Samedi matin, je rappelais que cette épineuse question était une histoire sans fin au Parti québécois, qu’elle était faite d’allers-retours (Lire Le yoyo du PQ). Tout indiquait que le Conseil national allait avaliser la proposition des jeunes péquistes d’élargir les dispositions de la loi 101 au réseau collégial, ce qui aurait pour conséquence — si le PQ reprenait le pouvoir et allait bel et bien de l’avant — de fermer la porte des cégeps anglophones aux étudiants francophones et allophones.

Le chef Paul St-Pierre Plamondon avait rappelé la semaine dernière qu’il s’était prononcé contre cet élargissement lors de la dernière course à la direction du Parti québécois tout en se montrant «ouvert» à un changement à ce chapitre. Tout juste à la veille de l’ouverture du Conseil national, il a fait très officiellement sienne cette proposition des jeunes péquistes.

Outre le sursaut de conviction qu’il a pu ressentir sur cette question, il en allait sans doute aussi de son intérêt comme chef puisque ce sujet est redevenu populaire chez de très nombreux péquistes au fil des mois.

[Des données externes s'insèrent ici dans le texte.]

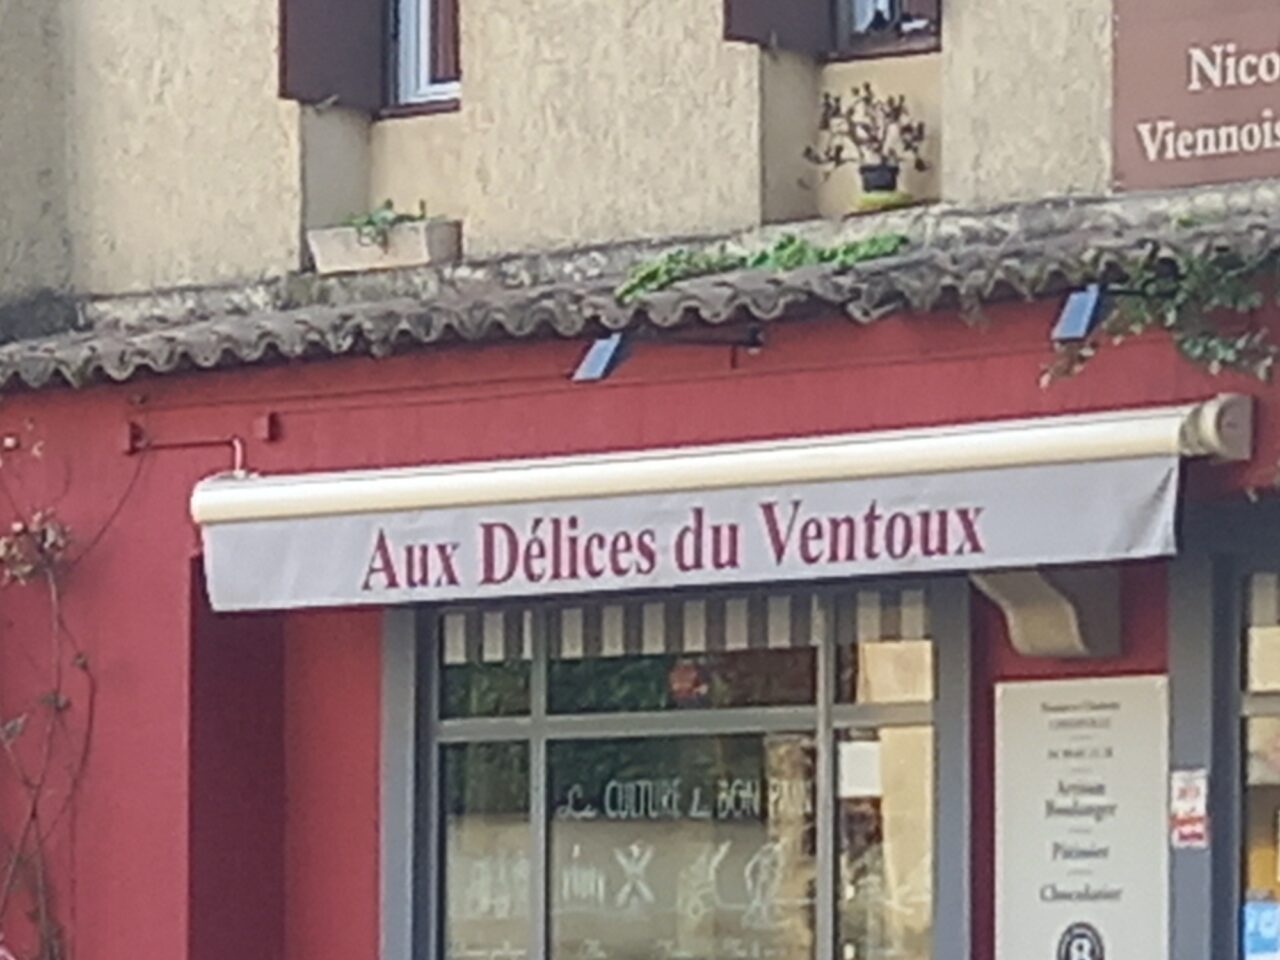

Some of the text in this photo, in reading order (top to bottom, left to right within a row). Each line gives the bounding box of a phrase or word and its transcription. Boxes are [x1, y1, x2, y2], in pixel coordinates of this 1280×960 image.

[361, 499, 985, 590] Aux Délices du Ventoux

Le nouveau chef ne pouvait se permettre de voir sa position être rejetée au profit d’une autre par une majorité de délégués du Conseil national.

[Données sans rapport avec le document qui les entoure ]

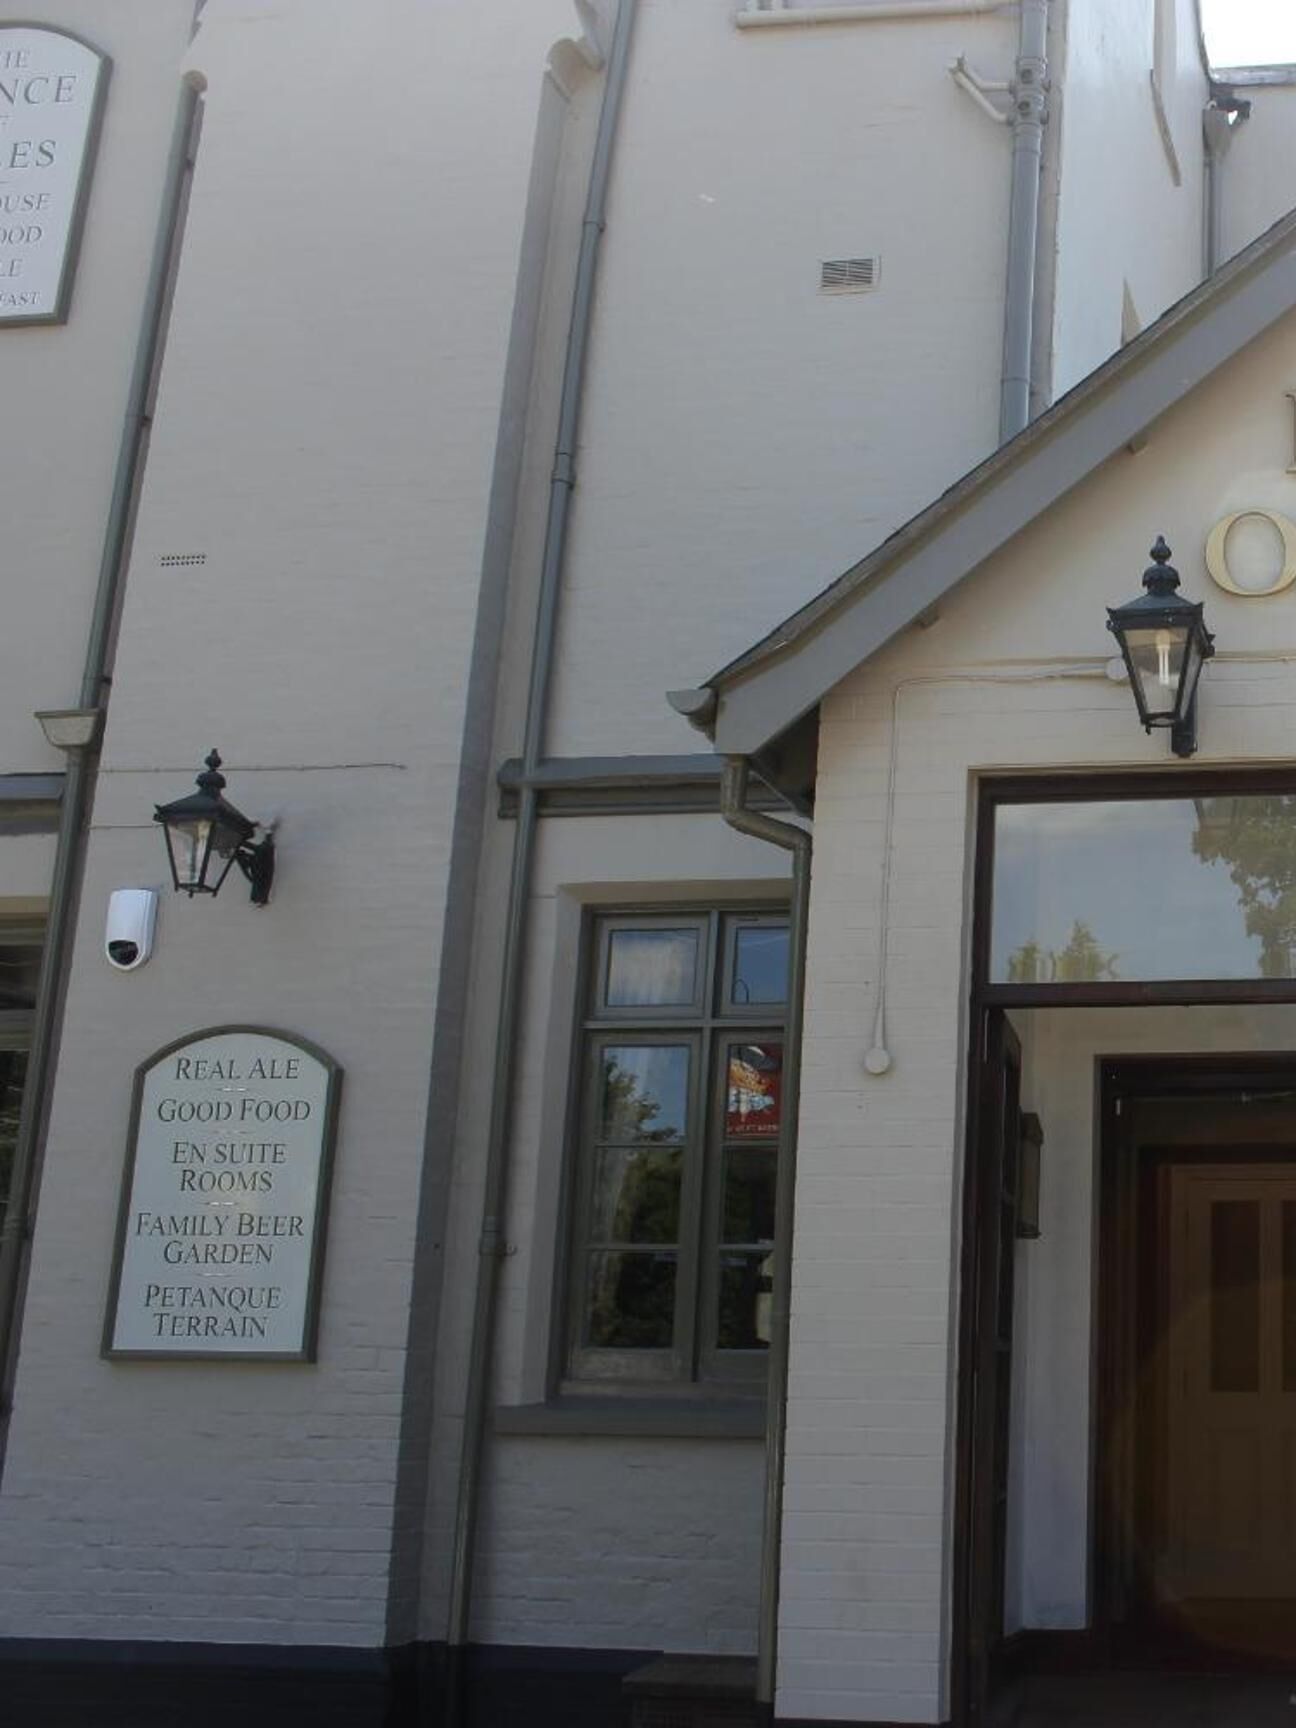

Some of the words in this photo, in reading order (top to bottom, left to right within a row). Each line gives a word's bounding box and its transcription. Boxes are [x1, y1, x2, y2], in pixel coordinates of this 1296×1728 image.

[0, 140, 57, 168] ES
[175, 1058, 241, 1081] REAL
[248, 1058, 301, 1080] ALE
[157, 1099, 232, 1122] GOOD
[240, 1099, 311, 1121] FOOD
[172, 1141, 206, 1164] EN
[213, 1143, 286, 1164] SUITE
[180, 1169, 273, 1193] ROOMS
[135, 1213, 229, 1236] FAMILY
[236, 1213, 305, 1236] BEER
[163, 1240, 273, 1264] GARDEN
[144, 1284, 281, 1311] PETANQUE
[153, 1313, 268, 1338] TERRAIN

Ce projet sera donc de retour dans le prochain programme électoral du parti en raison entre autres des études inquiétantes régulièrement rendues publiques sur l’avenir de la langue française sur l’île de Montréal.

Les motivations

La position du PQ est légitime. Elle est légitime, mais insuffisante. Elle ne répond pas aux raisons qui motivent de nombreux étudiants à poursuivre leurs études dans un établissement anglophone en quittant le réseau des écoles secondaires francophones. Outre un certain prestige rattaché aux cégeps anglophones dans plusieurs milieux, ces motivations sont liées à un désir de mieux maîtriser la langue anglaise.

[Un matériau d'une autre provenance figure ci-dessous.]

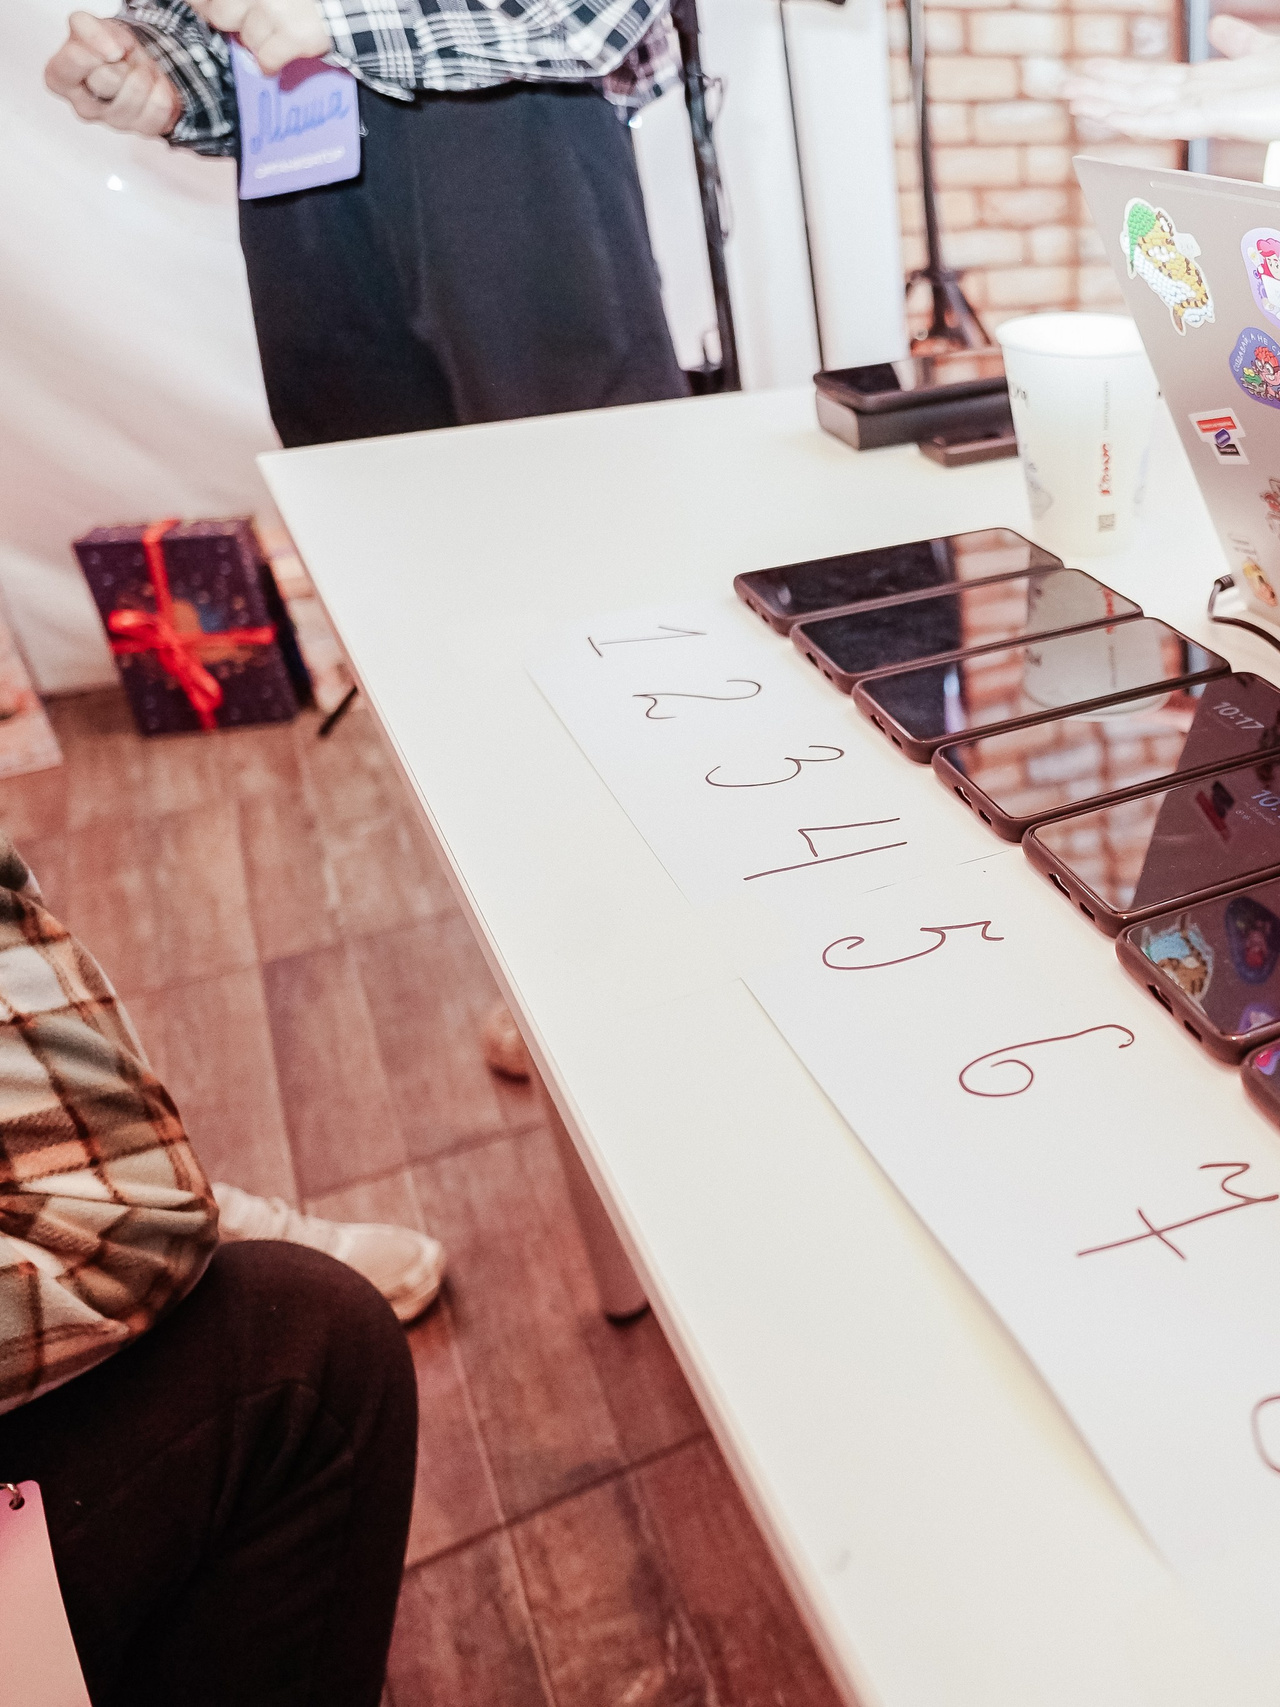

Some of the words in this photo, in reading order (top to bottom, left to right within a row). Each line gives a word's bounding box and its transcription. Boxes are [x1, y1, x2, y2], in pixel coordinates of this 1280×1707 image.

[1257, 334, 1268, 346] НЕ
[587, 625, 708, 658] 1
[632, 678, 762, 720] 2
[1212, 701, 1265, 731] 10:17
[705, 744, 845, 788] 3
[743, 816, 908, 881] 4
[822, 920, 1005, 970] 5
[958, 1024, 1136, 1098] 6
[1075, 1162, 1280, 1262] 7

C’est pour répondre à ce désir que l’ex-chef Jean-François Lisée avait proposé en 2017 de rendre les cégeps francophones plus attractifs, notamment en permettant aux cégépiens «qui le désirent, et qui démontrent une maîtrise du français suffisante, de suivre un parcours en anglais enrichi qui pourra comporter une session dans un cégep anglophone». Ainsi, disait-il, les étudiants allophones et francophones qui choisissent aujourd’hui un cégep anglophone afin d’y acquérir une meilleure connaissance de l’anglais pourront atteindre «le même objectif, légitime, mais en choisissant pour y arriver le cégep francophone». 

M. Lisée vient de se rallier à l’idée d’élargir au cégep les dispositions de la loi 101 sur la langue d’enseignement. Peu importe ici les modalités de la proposition qu’il avait formulée, la préoccupation qu’il manifestait ces dernières années demeure valable. C’est une pièce manquante.